Нехлюдов поблагодарил и сел на указанное место. Как только Нехлюдов уселся, женщина продолжала прерванный разговор. Она рассказывала про то, как ее в городе принял муж, от которого она теперь возвращалась:
– Об масленицу была, да вот, Бог привел, теперь побывала, – говорила она. – Теперь, что Бог даст, на Рождество.
– Хорошее дело, – сказал старик, оглядываясь на Нехлюдова, – проведывать надо, а то человек молодой избалуется, в городе живучи.
– Нет, дедушка, мой, – не такой человек. Не то что глупостей каких, он как красная девушка. Денежки все до копеечки домой посылает. А уж девчонке рад, рад был, что и сказать нельзя, – сказала женщина, улыбаясь.
Плевавшая семечки и слушавшая мать девочка, как бы подтверждая слова матери, взглянула спокойными, умными глазами в лицо старика и Нехлюдова.
– А умный, так и того лучше, – сказал старик. – А вот этим не займается? – прибавил он, указывая глазами на парочку – мужа с женой, очевидно фабричных, сидевших на другой стороне прохода.
Фабричный – муж, приставив ко рту бутылку с водкой, закинув голову, тянул из нее, а жена, держа в руке мешок, из которого вынута была бутылка, пристально смотрела на мужа.
– Нет, мой и не пьет и не курит, – сказала женщина, собеседница старика, пользуясь случаем еще раз похвалить своего мужа. – Таких людей, дедушка, мало земля родит. Вот он какой, – сказала она, обращаясь и к Нехлюдову.
– Чего лучше, – повторил старик, глядевший на пьющего фабричного.
Фабричный, отпив из бутылки, подал ее жене. Жена взяла бутылку и, смеясь и покачивая головой, приложила ее ко рту. Заметив на себе взгляд Нехлюдова и старика, фабричный обратился к ним:
– Что, барин? Что пьем-то мы? Как работаем – никто не видит, а вот как пьем – все видят. Заработал – и пью и супругу потчую. И больше никаких.

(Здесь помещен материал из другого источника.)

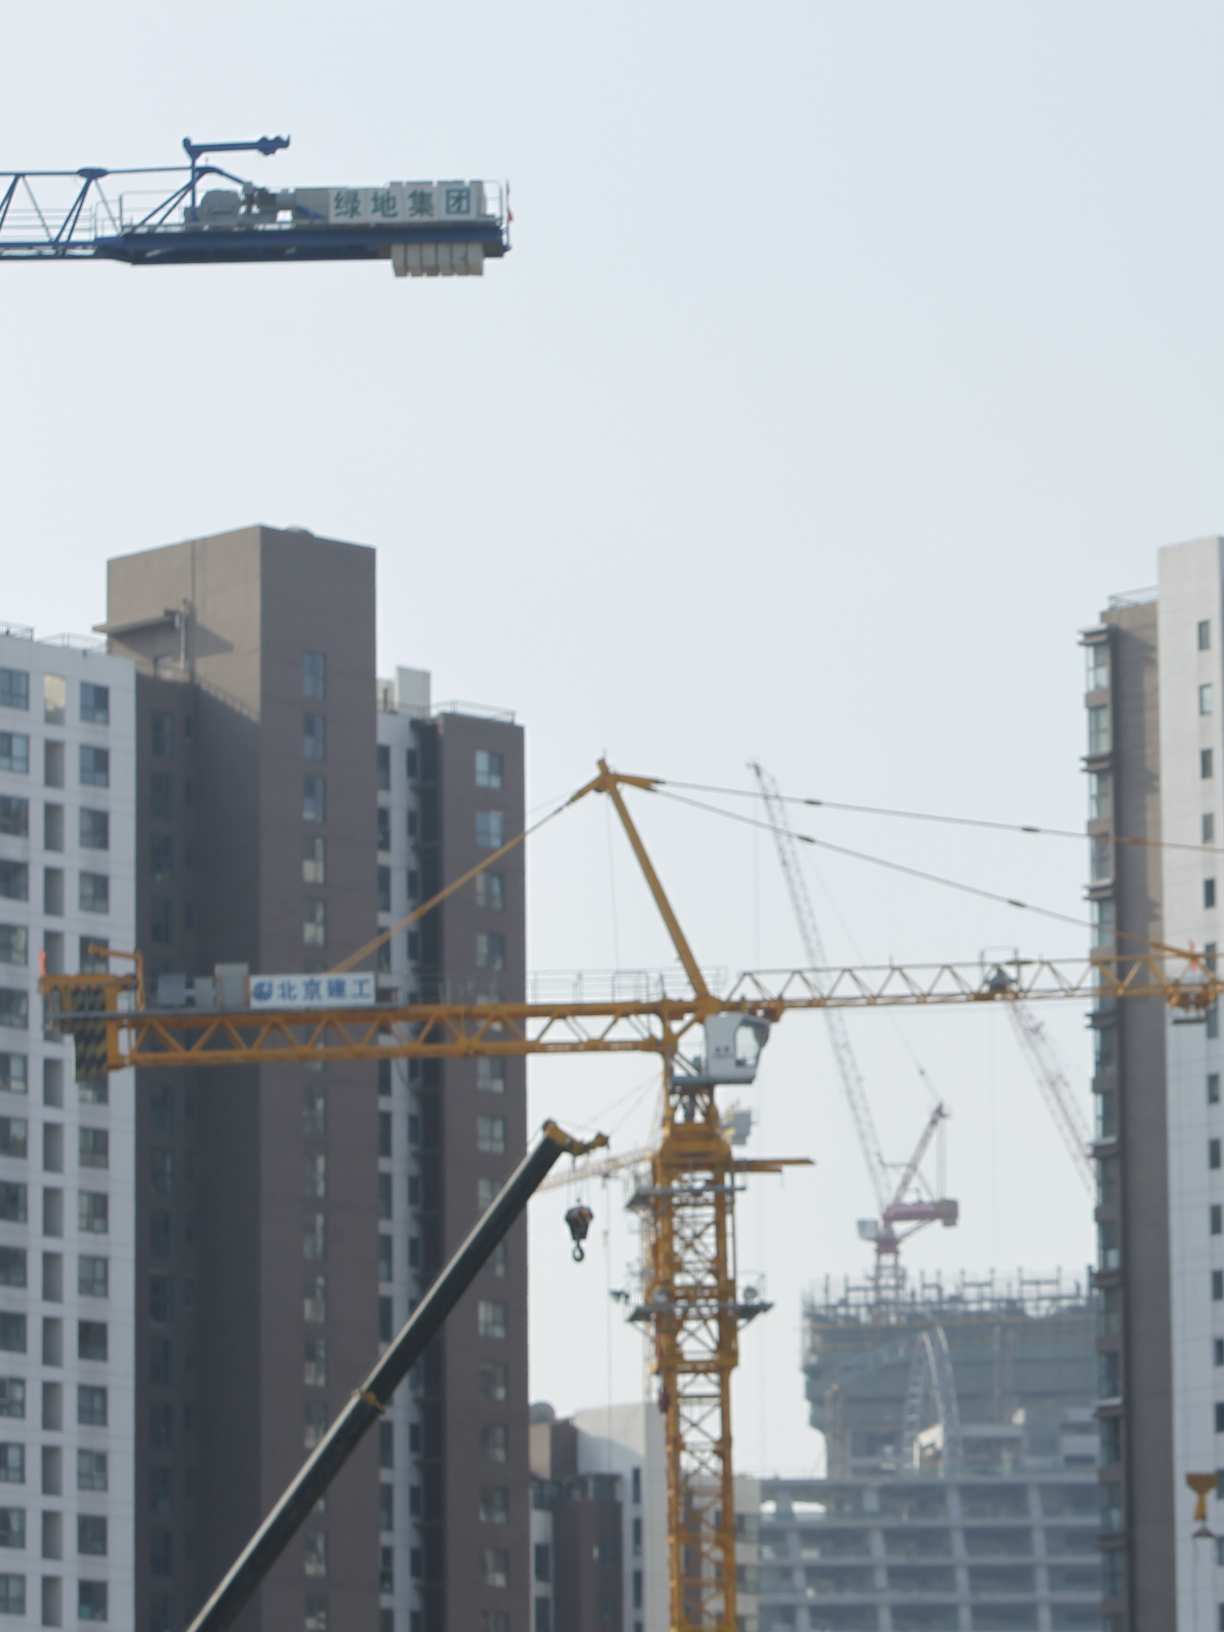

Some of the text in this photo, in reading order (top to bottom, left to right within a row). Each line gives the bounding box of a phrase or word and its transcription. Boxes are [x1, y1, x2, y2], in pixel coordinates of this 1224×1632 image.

[334, 188, 471, 218] 绿地集团
[277, 977, 371, 1000] 北京建工

– Да, да, – сказал Нехлюдов, не зная, что ответить.
– Верно, барин? Супруга моя женщина твердая! Я супругой доволен, потому она меня может жалеть. Так я говорю, Мавра?
– Ну, на, возьми. Не хочу больше, – сказала жена, отдавая ему бутылку. – И что лопочешь без толку, – прибавила она.
– Вот так-то, – продолжал фабричный, – то хороша-хороша, а то и заскрипит, как телега немазаная. Мавра, так я говорю?
Мавра, смеясь, пьяным жестом махнула рукой.
– Ну, понес...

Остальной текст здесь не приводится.